Cheers and many thanks,
	Oliver

On Mon, May 10, 2021, 7:21 PM Oliver Freyermuth <freyermuth@xxxxxxxxxxxxxxxxxx <mailto:freyermuth@xxxxxxxxxxxxxxxxxx>> wrote:

    Also answering inline.

    Am 11.05.21 um 00:55 schrieb Paul Robert Marino:
     > I'm adding replies to your replies inline below
     >
     > On Mon, May 10, 2021, 5:55 PM Oliver Freyermuth
     > <freyermuth@xxxxxxxxxxxxxxxxxx <mailto:freyermuth@xxxxxxxxxxxxxxxxxx>> wrote:
     >>
     >> Hey Paul,
     >>
     >> many thanks for the detailed reply!
     >> Some comments inline.
     >>
     >> Am 10.05.21 um 18:57 schrieb Paul Robert Marino:
     >>> hey Oliver,
     >>> I've done similar things over the years, a lot of fun lab experiments
     >>> and found it really it comes down to a couple of things.
     >>> I did some POC testing with contrackd and some experimental code
     >>> around trunking across multiple firewalls with a sprinkling of
     >>> virtualization.
     >>> There were a few scenarios I tried, some involving OpenVSwitch
     >>> (because I was experimenting with SPBM) and some not, with contrackd
     >>> similarly configured.
     >>> All the scenarios were interesting but they all had relatively rare on
     >>> slow (<1Gbs) network issues that grew exponentially in frequency on
     >>> higher speed networks (>1Gbs) with latency in contrackd syncing.
     >>
     >> Indeed, we'd strive for ~20 Gb/s in our case, so this experience surely is important to hear about.
     >>
     >>> What i found is the best scenario was to use Quagga for dynamic
     >>> routing to load balance the traffic between the firewall IP's,
     >>> keepalived to load handle IP failover, and contrackd (in a similar
     >>> configuration to the one you described) to keep the states in sync
     >>> there are a few pitfalls in going down this route caused by bad and or
     >>> outdated documentation for both Quagga and keepalived.
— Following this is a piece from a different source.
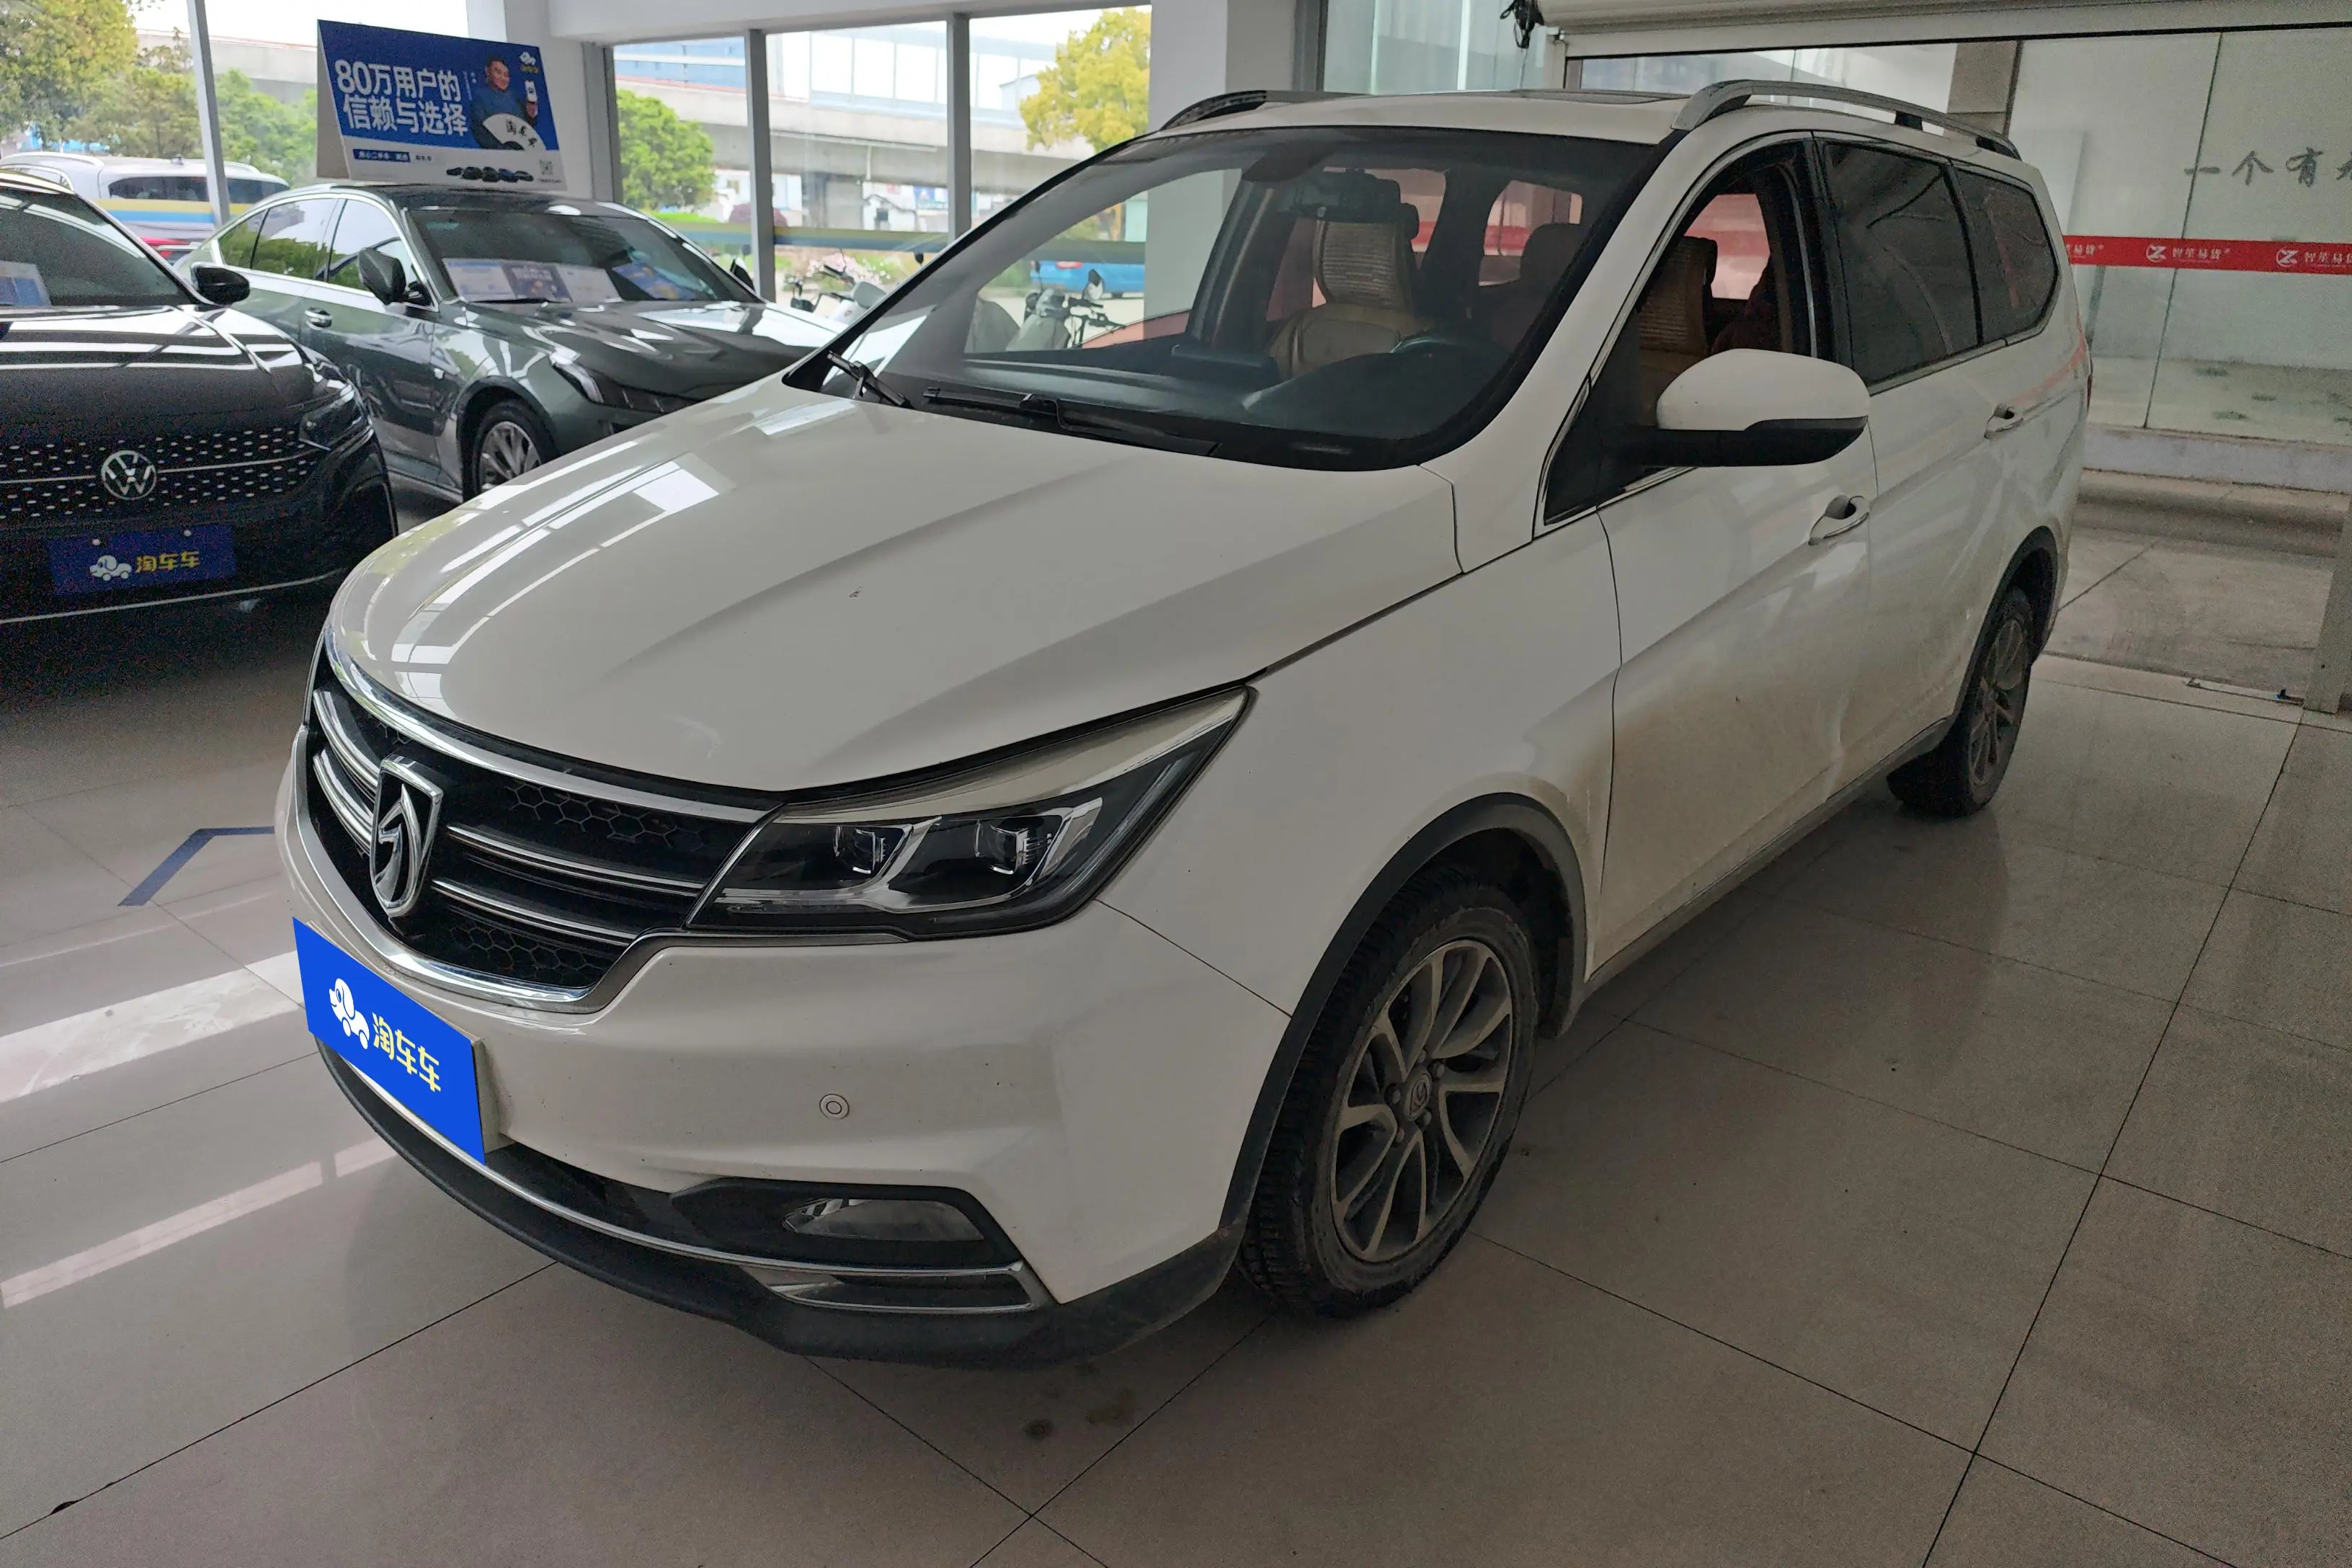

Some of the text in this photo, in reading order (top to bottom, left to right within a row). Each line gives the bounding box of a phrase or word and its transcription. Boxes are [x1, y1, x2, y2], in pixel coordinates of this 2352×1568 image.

[334, 59, 462, 102] 80万用户的
[342, 93, 468, 137] 信赖与选择
[135, 549, 200, 574] 淘车车
I'm also going
     >>> to give you some recommendations about some hardware topology stuff
     >>> you may not think about initially.
     >>
     >> I'm still a bit unsure if we are on the same page, but that may just be caused by my limited knowledge of Quagga.
     >> To my understanding, Quagga uses e.g. OSPF and hence can, if the routes have the same path, load-balance.
     >>
     >> However, in our case, we'd want to go for active/active firewalls (which of course are also routers).
     >> But that means we have internal machines on one side, which use a single default gateway (per VLAN),
     >> then our active/active firewall, and then the outside world (actually a PtP connection to an upstream router).
     >>
     >> Can Quagga help me to actively use both firewalls in a load-balancing and redundant way?
     >> The idea here is that the upstream router has high bandwidth, so using more than one firewall allows to achieve better throughput,
     >> and with active/active we'd also strive for redundancy (i.e. reduced throughput if one firewall fails).
     >> To my understanding, OSPF / Quagga could do this if the firewalls are placed between routers also joining via OSPF.
     >> But is there also a way to have the clients directly talk to our firewalls, and the firewalls to a single upstream router (which we don't control)?
     >>
     >> A simple drawing may help:
     >>
     >>                ____  FW A ____
     >>               /               \
     >> Client(s) --                 --PtP-- upstream router
     >>               \____  FW B ____/
     >>
     >> This is why I thought about using xt_cluster and giving both FW A and FW B the very same IP (the default gateway of the clients)
     >> and the very same MAC at the same time, so the switch duplicates the packets, and then FW A accepts some packets and FW B the remaining ones
     >> via filtering with xt_cluster.
     >>
     >> Can Quagga do something in this picture, or simplify this picture?
     >> The upstream router also sends all incoming packets to a single IP in the PtP network, i.e. the firewall nodes need to show up as "one converged system"
     >> to both the clients on one side and the upstream router on the other side.
     >
     >
     > I understand what you are shooting for but it's dangerous at those
     > data rates and not achievable via stock existing software.
     > I did write some POC code years ago for a previous employer but
     > determined it was too dangerous to put into production without some
     > massive kernel changes such as using something like RDMA over
     > dedicated high speed interfaces or linking the systems over the PCI
     > express busses to sync the states instead of using contrackd.
     >
     > So load balancing is a better choice in this case, and many middle to
     > higher end managed switches that have routers built in can do OSPF.
     > I've seen many stackable switches that can do it. By the way Quagga
     > supports several other dynamic routing protocols not just just OSPF.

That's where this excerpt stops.